▶ _What you are asked to do_
The answer is an exact repeat of the entries below, with the pictures omitted.

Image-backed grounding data
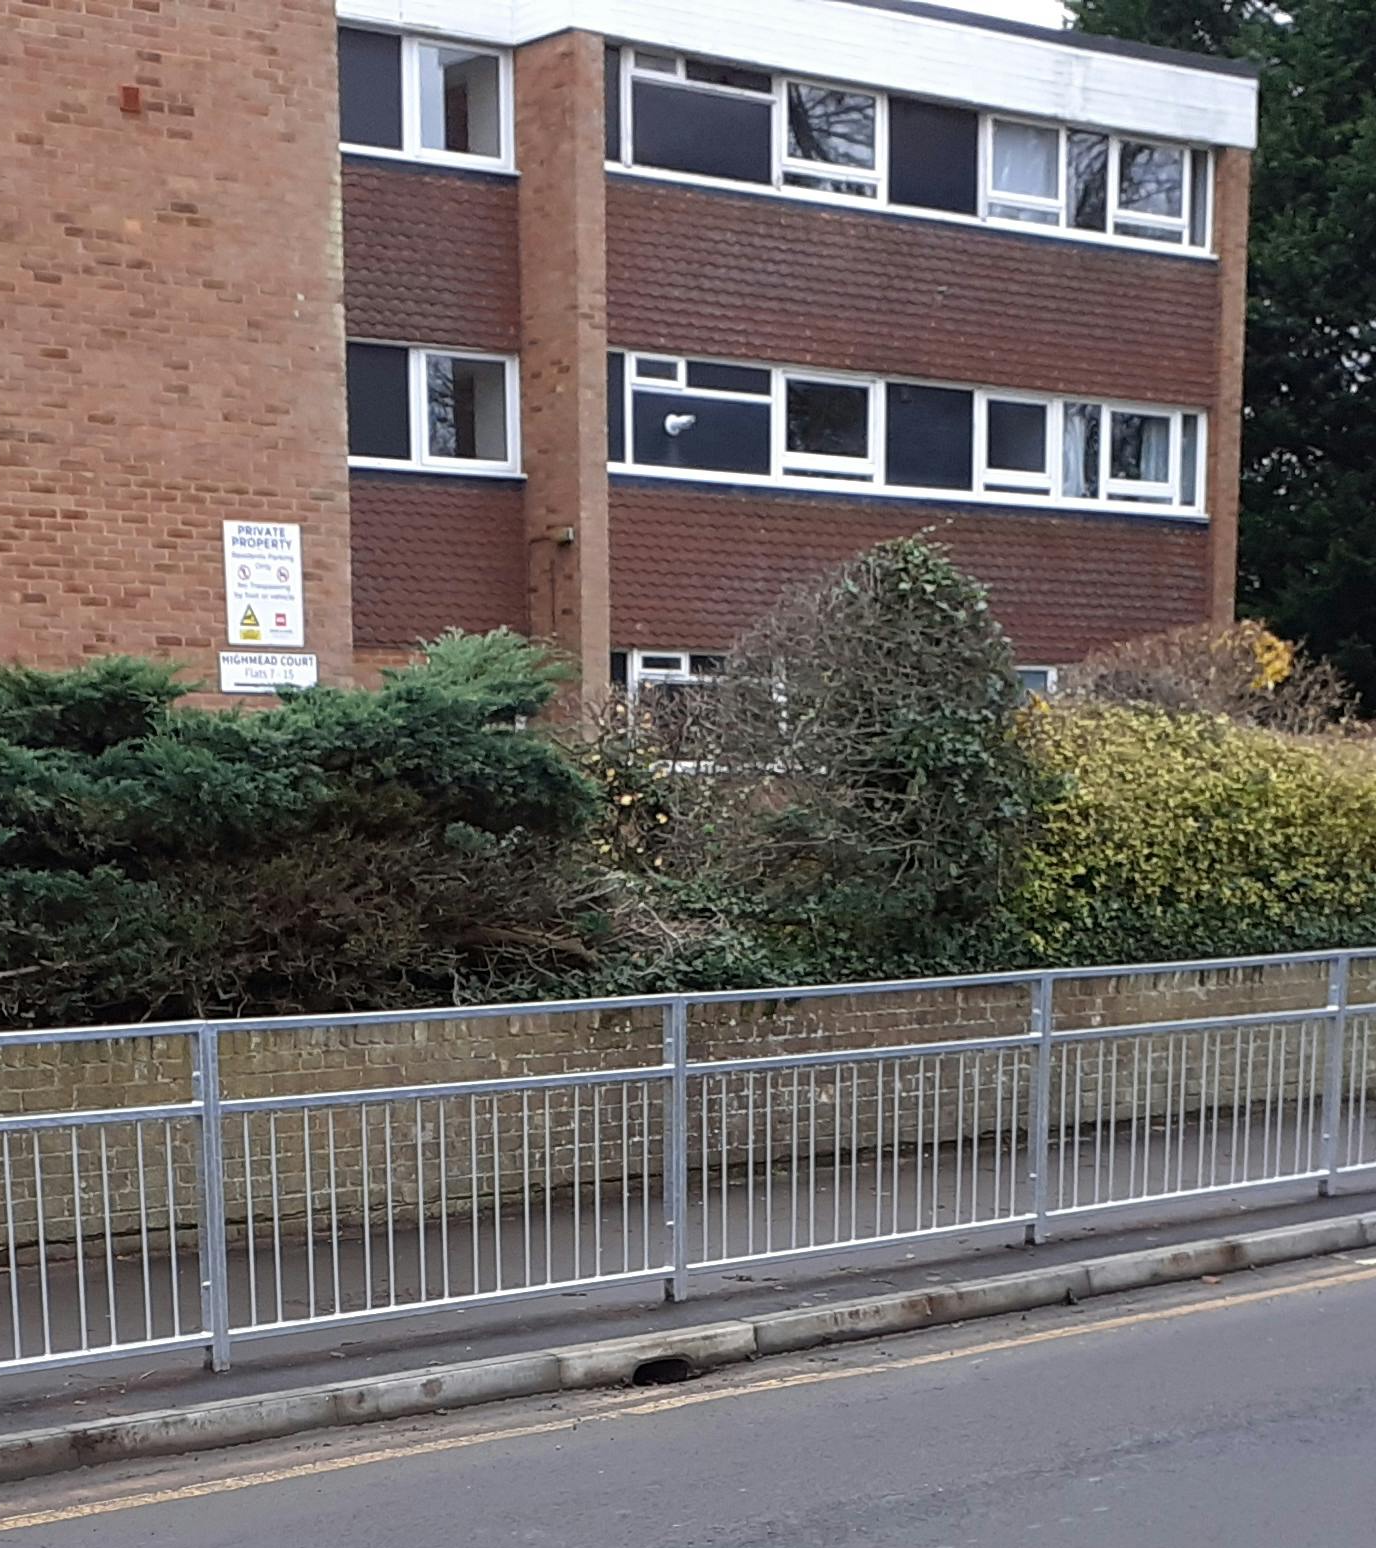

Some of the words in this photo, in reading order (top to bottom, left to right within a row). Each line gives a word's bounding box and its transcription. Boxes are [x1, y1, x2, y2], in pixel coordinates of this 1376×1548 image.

[238, 525, 285, 537] PRIVATE
[231, 537, 292, 550] PROPERTY
[280, 656, 314, 666] COURT
[245, 667, 268, 679] Flats
[270, 669, 275, 679] 7
[284, 669, 295, 680] 15

▶ _Solution below_
Some of the words in this photo, in reading order (top to bottom, left to right within a row). Each line gives a word's bounding box and its transcription. Boxes are [x1, y1, x2, y2], in pixel coordinates of this 1376×1548 image.

[238, 525, 285, 537] PRIVATE
[231, 537, 292, 550] PROPERTY
[280, 656, 314, 666] COURT
[245, 667, 268, 679] Flats
[270, 669, 275, 679] 7
[284, 669, 295, 680] 15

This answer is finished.